August 1. Jean has gone to Europe and Moscow for five weeks. I must use this time to sort myself out.

August 24. ON BECOMING THIRTY. I have a deep intuition that this birthday will be a great watershed in my life.

August 30. Home from a long vacation with the children, camping on the shores of Lake Superior. While they slept I’ve worked on a poem:

If I have wandered vaguely through the shadowed wood,
Directionless but always on the move; if years
Of life's experience have failed to leave their mark
On judgment’s sure facility, then should
I cease to search?

                            If hopes had died, and fears
Of Death's approaching step welled in me chill and dark,
Then would I halt pursuit, encamp where I am now,
Surround myself with wife and children dear,
Secure my post, defend possessions gained
In busy wandering.

                             But hope burns bright to plow
In virgin soil still unexplored, in lands not cleared
Of trees and undergrowth, and yet unstained
By human sweat.

                            For thirty tours of earth
About the sun, I've reckless plunged ahead and back
In search of self; enquired of travellers I met,
In sharp debate engaged, and weighed the worth
Of man's philosophies.

                                    No beaten track
Attracted me for long, ere I began to fret
To chart untested truth. But recent days have found
A new awareness casting light on routes
Now distant cold horizons long forgot,
Shaping their winding patterns cross the broken ground
Into a map!

September 2. Today while the kids napped I completed my poem:

                   A wondrous wholeness doth transmute
The separate strands I solitary wrought
To one design, a tapestry of QUEST
To measure life. I see that I've so lived that when
The sickly hand of Death should beckon me
Surrender life's brief lease to breathless dust, and rest,
With smiling gratitude for all I've met til then
I can agree.

September 10. Jean is back, and I had the melancholy realization as I picked her up at the airport that I felt lackadaisical about her return. I did not feel her absence. I kept busy with work, vacation, the children, and my own self-analysis. I did not miss sex with her. For the first time, I'm hiding my journal and not allowing her to read it.

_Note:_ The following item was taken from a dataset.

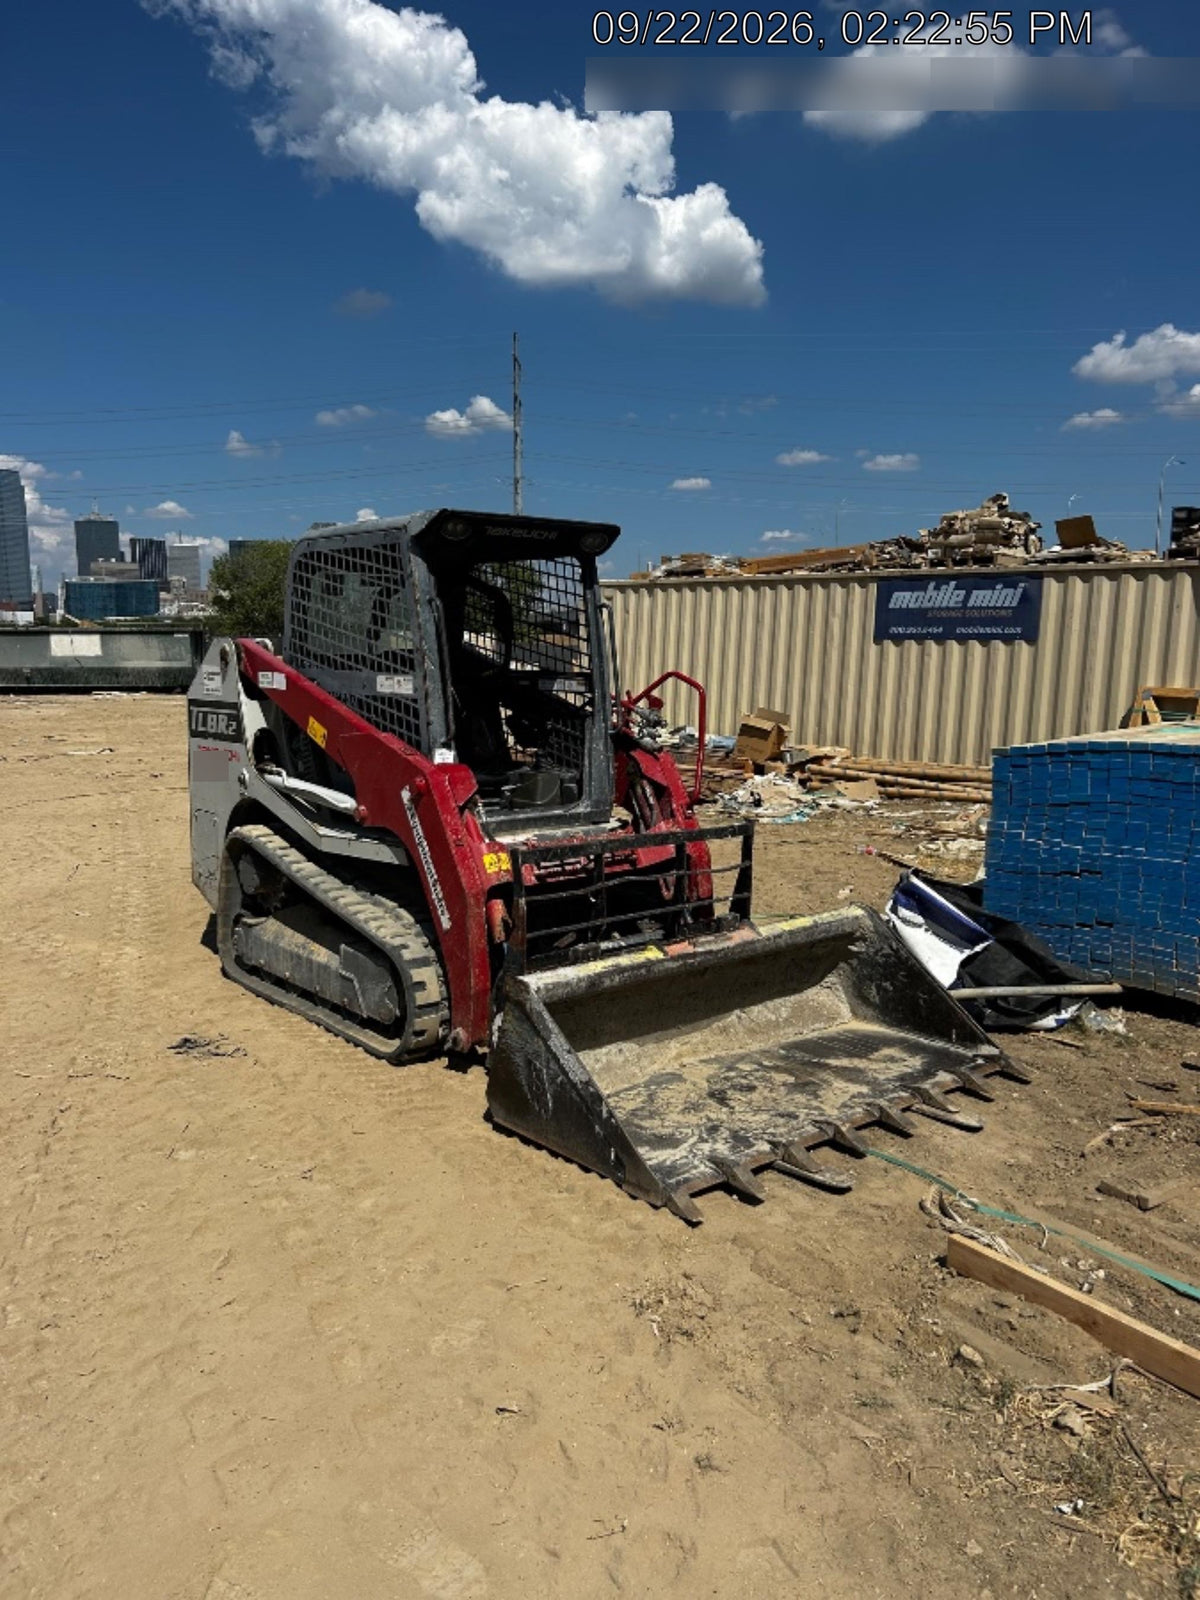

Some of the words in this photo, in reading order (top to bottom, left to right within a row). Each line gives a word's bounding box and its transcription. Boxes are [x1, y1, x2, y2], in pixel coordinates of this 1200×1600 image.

[888, 581, 966, 608] mobile
[967, 583, 1025, 608] mini
[965, 609, 1013, 617] SOLUTIONS

October 1. Jean comments that I’m not touching her much. I tried to explain: “ My mind is confused. Can we wait, and not have sex, until I work out whatever is troubling me?"

October 24. We're still not having sex. I've been masturbating, using Playboy pinups to jerk off with. When I was buying a new issue at the local mall today, I noticed a small magazine, Tomorrow's Man, with male models in posing straps. Curiosity led me to buy it. I slipped it partway under Playboy so that only the clerk could see it at the counter. I haven't let Jean see it. I find these photos of posing men strangely exciting.

October 25. This evening while Jean was out, I tried masturbating, first with the pinup girls, then with the posing men. I found it quite arousing to look at the male pictures, and actually reached orgasm that way.

Peter and Ruth getting ready for Hallowe’en.

  

  

I often combined religion and politics in bible study.

October 31. Hallowe'en – a joyous evening of trick-or-treating with Peter and Ruth. Ruth dressed as a mouse, and Peter as a white rabbit, in costumes Jean created.

December 2. Today I lunched with Rev. Roy Demarsh, national director of the SCM. He invited me to direct a work camp next summer.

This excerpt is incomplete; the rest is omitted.